Hunting elk and other big-game animals in hot weather presents another problem: what should you do with the meat if you actually tag out? This is especially true on a backcountry hunt where the closest meat locker is hours, or even days, away. Here are a few tips I have used in the past with success, along with a couple of ideas I had planned to employ in Utah but didn't have the chance.

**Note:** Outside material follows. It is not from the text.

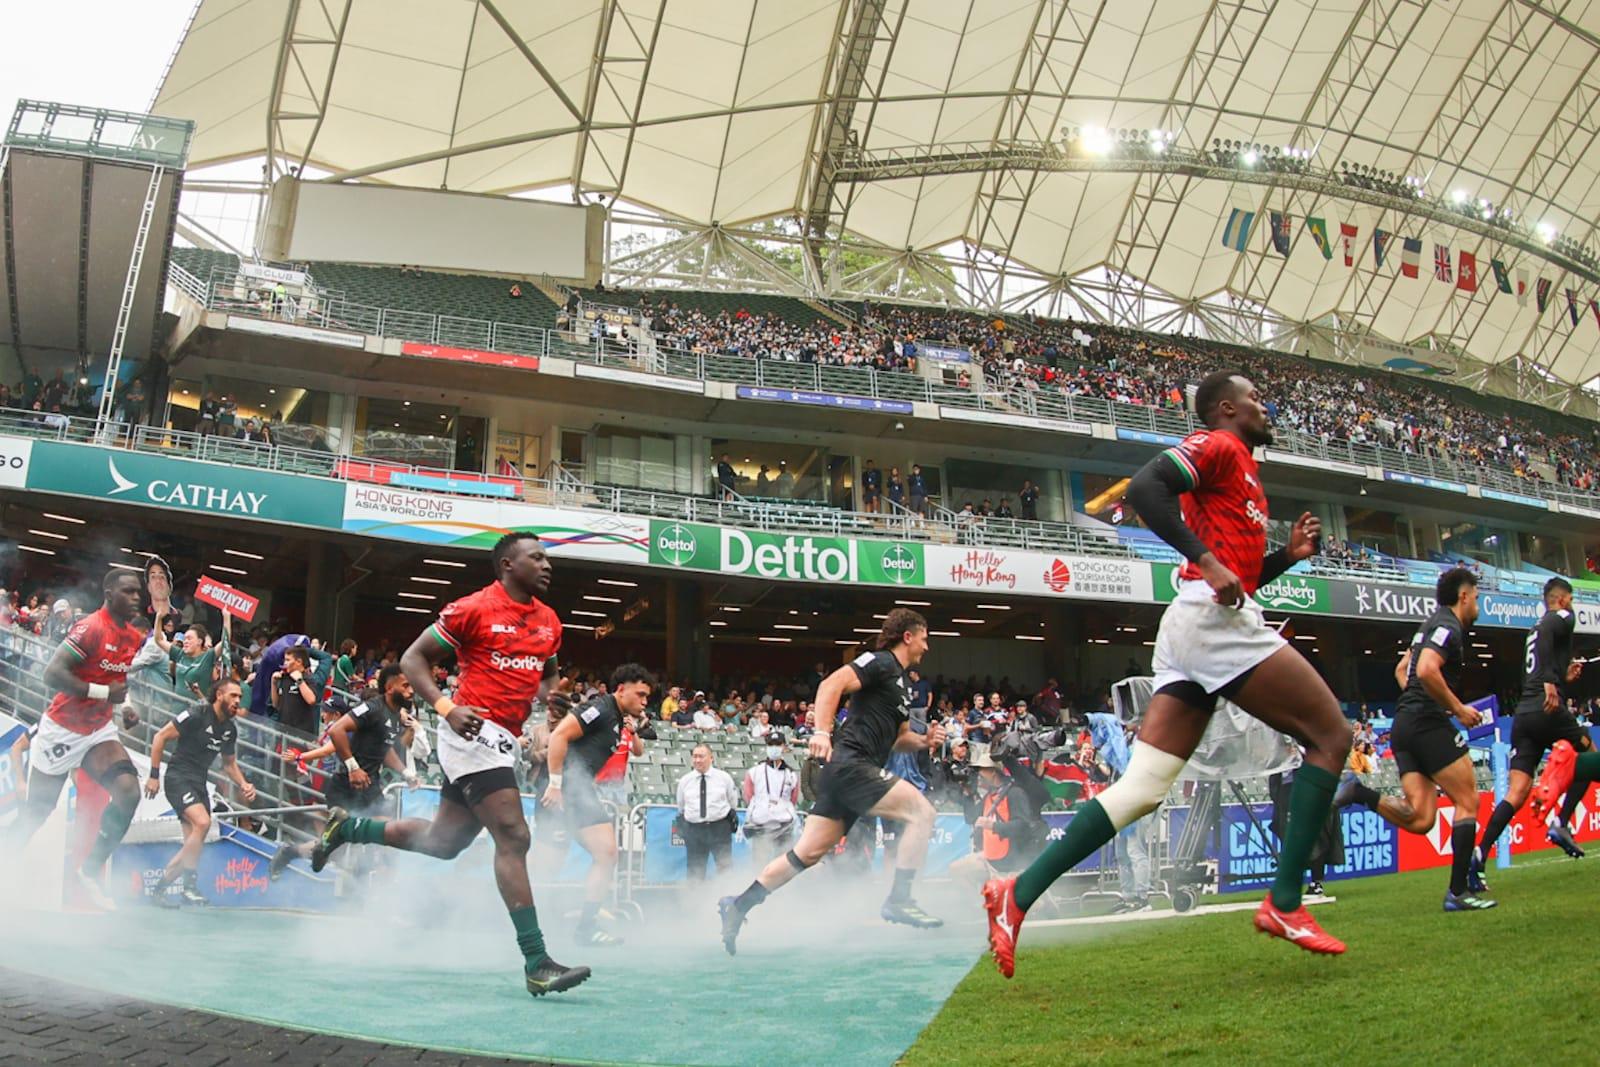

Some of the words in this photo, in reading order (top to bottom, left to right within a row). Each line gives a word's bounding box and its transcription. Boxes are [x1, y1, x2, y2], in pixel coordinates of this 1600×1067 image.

1. Bone the Meat Immediately
Usually I like to keep the meat on the bone for at least 12 hours or so to let the muscles go through rigor mortis and then relax again. This makes for a more tender final product. But in warm weather, the meat closest to the bone, especially large bones like the femur, are the first to go sour. If you're adamant about keeping it on the bone for easier hanging and packing out, at least make a deep slit in the meat to expose the bone and let some of that heat out.

2. Go Gutless
Keeping meat from spoiling requires keeping everything as clean as possible -- something that's tough to do in the woods. Make the job easier by quartering your animal without gutting it. To me, this method is not only cleaner, but also easier, particularly with a big animals like elk or moose. If you're not sure how, there are a lot of online videos showing the process.

3. Air Out the Meat
Once the meat is boned and in clean gauze bags -- Alaska Game Bags are my favorite -- get the bags up off the ground to where cool air can circulate around them. Make sure you hang them in a shady spot, such as on the north side of an evergreen tree. If possible, monitor the bags throughout the day and move them as necessary to keep them out of the sun.

4. Season the Meat
Blow flies and yellow jackets seem to have an uncanny ability of finding your kill site the instant you make your first cut. Minimize the effect of these nuisances by covering all exposed meat and the outside of the game bag with a liberal dose of black pepper. I've also heard chili powder works well, and carried a fresh bottle of it in my elk-hunting pack this season. Unfortunately, I didn't get to report on its effectiveness.

5. Use MeatSavR
I also hoped to try out another product product designed specifically for hunters: MeatSavR. This powder is dissolved in water, then sprayed on the exposed meat immediately upon skinning. I don't fully grasp the science behind it, but it purportedly affects the pH balance of the surface of the meat, slowing the spoiling process. Though I don't have first-hand experience, I've used similar concoctions in the past with some success. In my mind, any advantage in the fight against spoilage is not only worth trying, but ultimately the ethical thing to do.

What things do you do to protect your meat in the field?